Monday, June 27, 2016

Stateful Parameter in Keras

According to the keras documentation; a stateful recurrent model is one for which the internal states (memories) obtained after processing a batch of samples are reused as initial states for the samples of the next batch. This allows to process longer sequences while keeping computational complexity manageable.  Tome, this is not completely clear,so I wanted to test this parameter to see how it affects a neural net.

I used lstm_text_generation.py as a baseline, and I modified it to  test for stateful=true and stateful=false.  In order to make the code run for stateful=true, I needed to make some changes.


First, I needed to include a parameter batch_input_shape() instead of simply input_shape(), which needed to be passed the batch size, like this:
model.fit(X, y, batch_size=batch_Size, nb_epoch=1,callbacks=[history])
Another requirement of using stateful=true is that the number of samples passed as input need to be evenly divisible by the batch size.  This was problematic since it limited which batch sizes I could use, but I tried a batch size of 518, which is a factor of the number of samples in each iteration, 15022.

This solution didn't quite work, because I got another error:
ValueError: non-broadcastable output operand with shape (1,512) doesn't match the broadcast shape (518,512) 
512 refers to the number of nodes in each hidden layer of the neural net.  The error seems to be a matrix multiplication error.  When the number of nodes in each layer was made 518 (from the original value of 512) to match the batch size, I received a similar error.
ValueError: non-broadcastable output operand with shape (1,518) doesn't match the broadcast shape (518,518) 
 I could not figure out a proper solution to this problem, so I settled with a batch size of 1 so the matrix multiplication would work.  This dramatically increased the computation time, so in order to run the test in a matter of hours instead of days I changed the number of nodes in the neural net to 256 from 512.  I also ran only 10 iterations rather than the original 60.  My results are below:

Notice for both graphs the loss function is increasing.  For stateful=True, the loss increases monotonically, whereas with stateful=False, there are some downward changes, but the trend is overall increasing.  This is the opposite of what I would expect, because the loss should decrease as the network learns.  It's possible it needed more iterations, or that the smaller network kept it from learning, but I'm not yet sure of the reason for the loss increasing.

Monday, June 20, 2016

Summary of "The Unreasonable Effectiveness of Recurrent Neural Networks"

Link to the blog post 

Recurrent Neural Networks (RNNs), are a type of neural net where inputs with an arbitrary structure are represented by a fixed-size vector.  In Andrej's blog, he emphasizes that what is special about RNNs is that the input can be a sequence.  The inputs can be combined with a state vector to produce a new state vector.  Even if the inputs are not a sequence, the data can still be processed sequentially, which is more powerful than a conventional neutral net.

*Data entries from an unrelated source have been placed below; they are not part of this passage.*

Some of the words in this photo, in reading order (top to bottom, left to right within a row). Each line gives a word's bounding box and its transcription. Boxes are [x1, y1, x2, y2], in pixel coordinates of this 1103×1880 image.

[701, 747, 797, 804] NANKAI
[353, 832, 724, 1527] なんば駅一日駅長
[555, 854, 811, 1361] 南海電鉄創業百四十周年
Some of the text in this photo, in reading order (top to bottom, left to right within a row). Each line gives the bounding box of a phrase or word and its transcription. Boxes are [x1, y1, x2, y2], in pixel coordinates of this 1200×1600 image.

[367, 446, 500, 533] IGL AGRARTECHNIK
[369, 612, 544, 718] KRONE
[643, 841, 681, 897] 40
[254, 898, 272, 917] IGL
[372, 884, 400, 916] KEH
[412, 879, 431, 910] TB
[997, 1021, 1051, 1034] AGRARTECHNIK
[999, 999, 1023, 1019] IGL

Here is how Andrej describes the forward pass of a RNN:
rnn = RNN()
y = rnn.step(x) # x is an input vector, y is the RNN's output vector
class RNN:
  # ...
  def step(self, x):
    # update the hidden state
    self.h = np.tanh(np.dot(self.W_hh, self.h) + np.dot(self.W_xh, x))
    # compute the output vector
    y = np.dot(self.W_hy, self.h)
    return y

The parameters of the RNN are W_hh, W_xh, and W_hy.  self.h is initialized with the zero vector.  According to Andrej, RNNs work monotonically better with more hidden layers and more nodes.

In his blog, he goes through several very cool examples of RNNs being trained on datasets, and their outputs.  Training with text results in mostly nonsensical text with a format and a "sound" that seems to match the input text.  When given inputs from Shakespeare, the neural network makes a sample that keeps the format and verbage that you would expect from Shakespeare, but the story is nonsense, it loses its iambic pentameter.  Characters have a mix of dialogue and long monologues, which is again consistent with the style of the source material, but it lacks content.  Given all the machine is doing, this is quite impressive if not especially useful.

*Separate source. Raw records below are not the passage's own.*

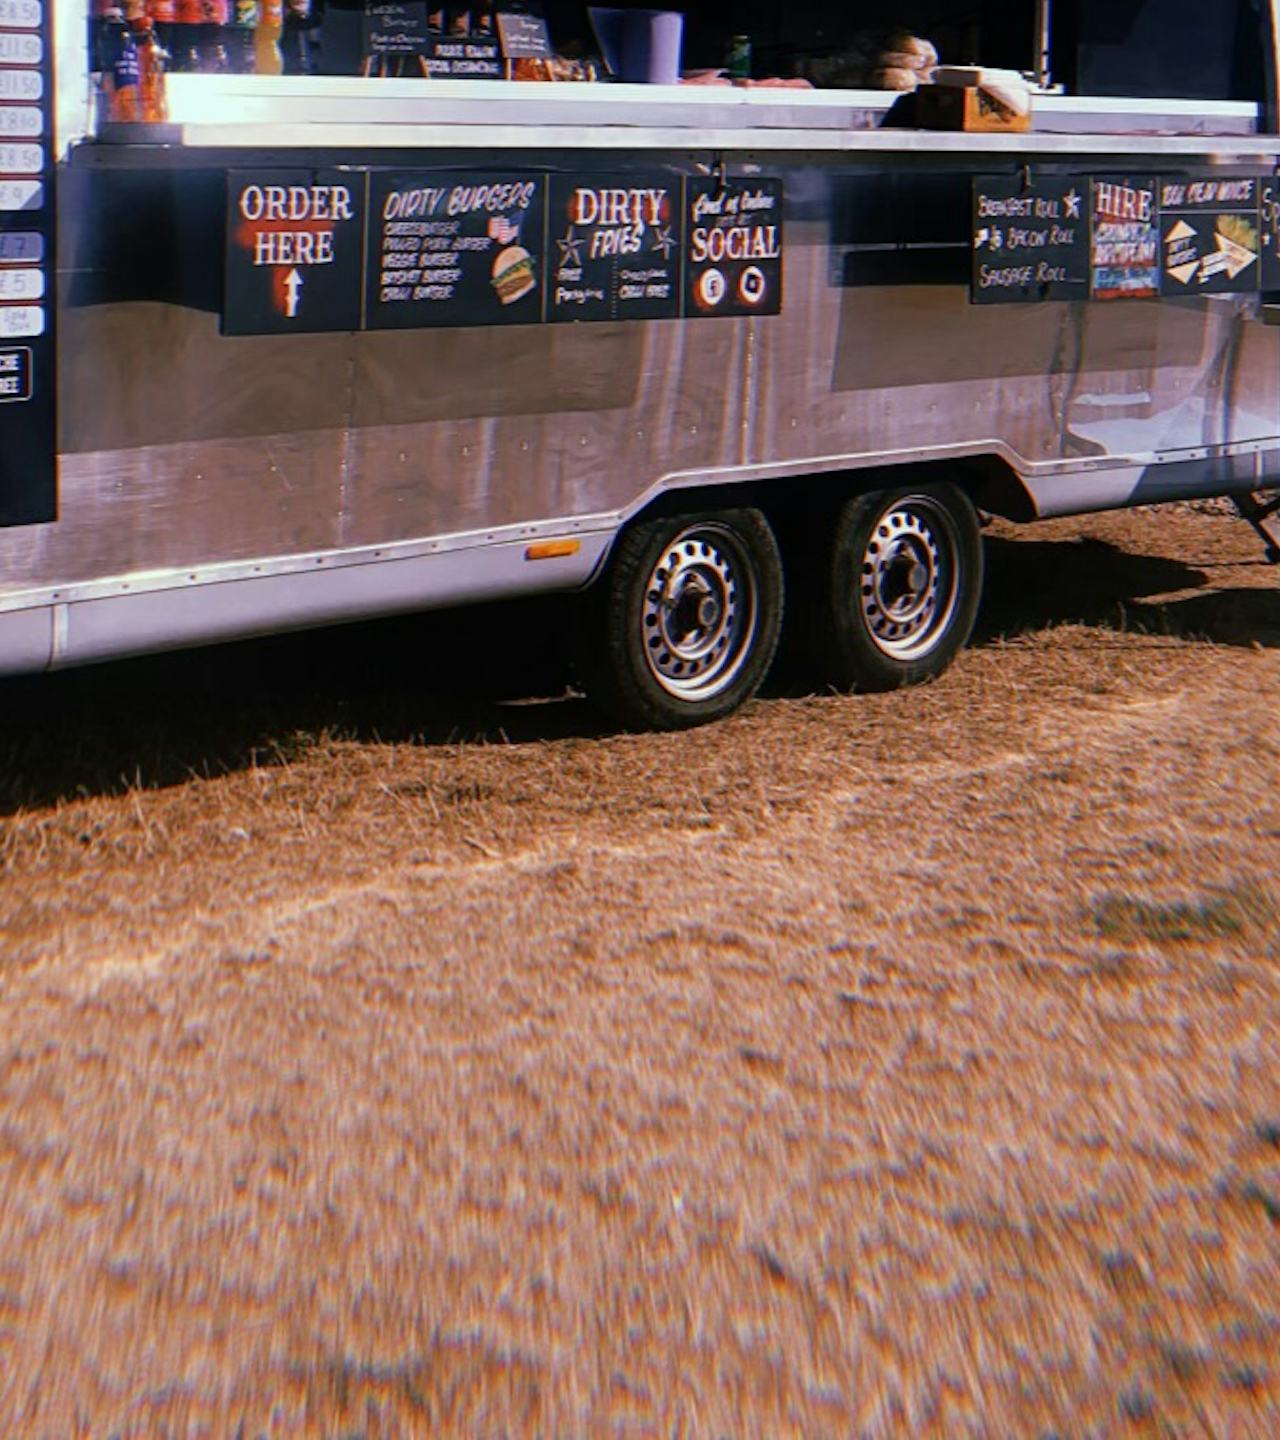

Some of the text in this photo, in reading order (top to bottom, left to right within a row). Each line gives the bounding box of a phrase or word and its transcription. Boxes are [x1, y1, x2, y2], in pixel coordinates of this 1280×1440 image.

[240, 185, 354, 220] ORDER
[383, 181, 535, 220] DIRTY BURGERS
[575, 188, 667, 225] DIRTY
[1095, 181, 1153, 222] HIRE
[253, 231, 334, 266] HERE
[589, 222, 645, 259] FRIES
[692, 226, 780, 262] SOCIAL

Like many other computer models, a "temperature" parameter can be used to control the trade off between accuracy to the text and how diverse it is.  A very low temperature is likely to get stuck at a peak of likelihoods and result in plain or repetitive outputs.  A high temperature is more likely to have problems such as spelling mistakes.

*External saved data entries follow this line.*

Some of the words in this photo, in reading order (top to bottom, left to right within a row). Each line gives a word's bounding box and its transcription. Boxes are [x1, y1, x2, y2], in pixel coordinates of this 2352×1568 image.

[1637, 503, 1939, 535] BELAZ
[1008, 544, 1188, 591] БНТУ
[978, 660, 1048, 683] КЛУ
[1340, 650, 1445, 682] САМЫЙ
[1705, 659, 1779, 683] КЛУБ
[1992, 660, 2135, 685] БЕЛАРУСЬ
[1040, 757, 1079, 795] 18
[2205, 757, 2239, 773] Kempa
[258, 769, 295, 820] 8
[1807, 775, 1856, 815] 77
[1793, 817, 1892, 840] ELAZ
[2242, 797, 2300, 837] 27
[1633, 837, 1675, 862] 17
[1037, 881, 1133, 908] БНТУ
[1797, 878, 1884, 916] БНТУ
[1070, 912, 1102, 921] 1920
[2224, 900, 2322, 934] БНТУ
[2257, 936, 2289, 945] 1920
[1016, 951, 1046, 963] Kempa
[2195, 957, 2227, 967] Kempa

When given a wikipedia page as input, the neural net was able to produce an output that again, had proper formatting, used the structured markdown correctly to create headings and tables, cited sources (although incorrectly), and completely makes up numbers for timestamps and id numbers.  It seems to have an understanding of the style of how the pages should look, if not the content.
The RNN was also able to work with Latex and other code which didn't quite compile, but looked like code should look.  The network was good at getting the syntax right, even if the variable names were right.  It had difficulty with "long-term interactions" such as whether or not a return statement should be present in a function depending on the absence or presence of a void declaration.  Its context window may have been too short to be able to relate the presence of void in the training data, and the absence of the return statement.

What I found most interesting was when he looked at individual neurons.  Initially, the neurons had random parameters, but after some training, they specialized into niches.  An individual neuron might be given an open parenthesis as an input.  If it gives a high score to say, neuron 3, and a low score to the others, then neuron 3 is basically being told to specialize for stuff inside parenthesis.  It will learn that a closed parenthesis should be at the end, and the format inside may be different than normal text (such as a list of parameters in some code).  Effectively, evolution of niches is an emergent property of the system!  These niches should require a large neural network with several hidden layers and many neurons.

In summary, RNNs seem to do a very good job of mimicking the formatting, style, and overall feel of an input.  In the examples given, it is not able to give meaningful outputs however, and it struggles with long-term interactions.  All this does seem to beg the question.  Can these difficulties be overcome by bigger networks with more hidden layers and larger training sets?  Or is a totally different approach required to get more meaningful results.  Either way, RNNs seem to be unreasonably effective in getting so much right.

Monday, June 6, 2016

Gaussian Mixture Models

In trying to learn about Gaussian mixture models, I've had some difficulty in simply reading about them, but I've found some videos that give a good explanation.  I will summarize my understanding below, and link to the videos at the end.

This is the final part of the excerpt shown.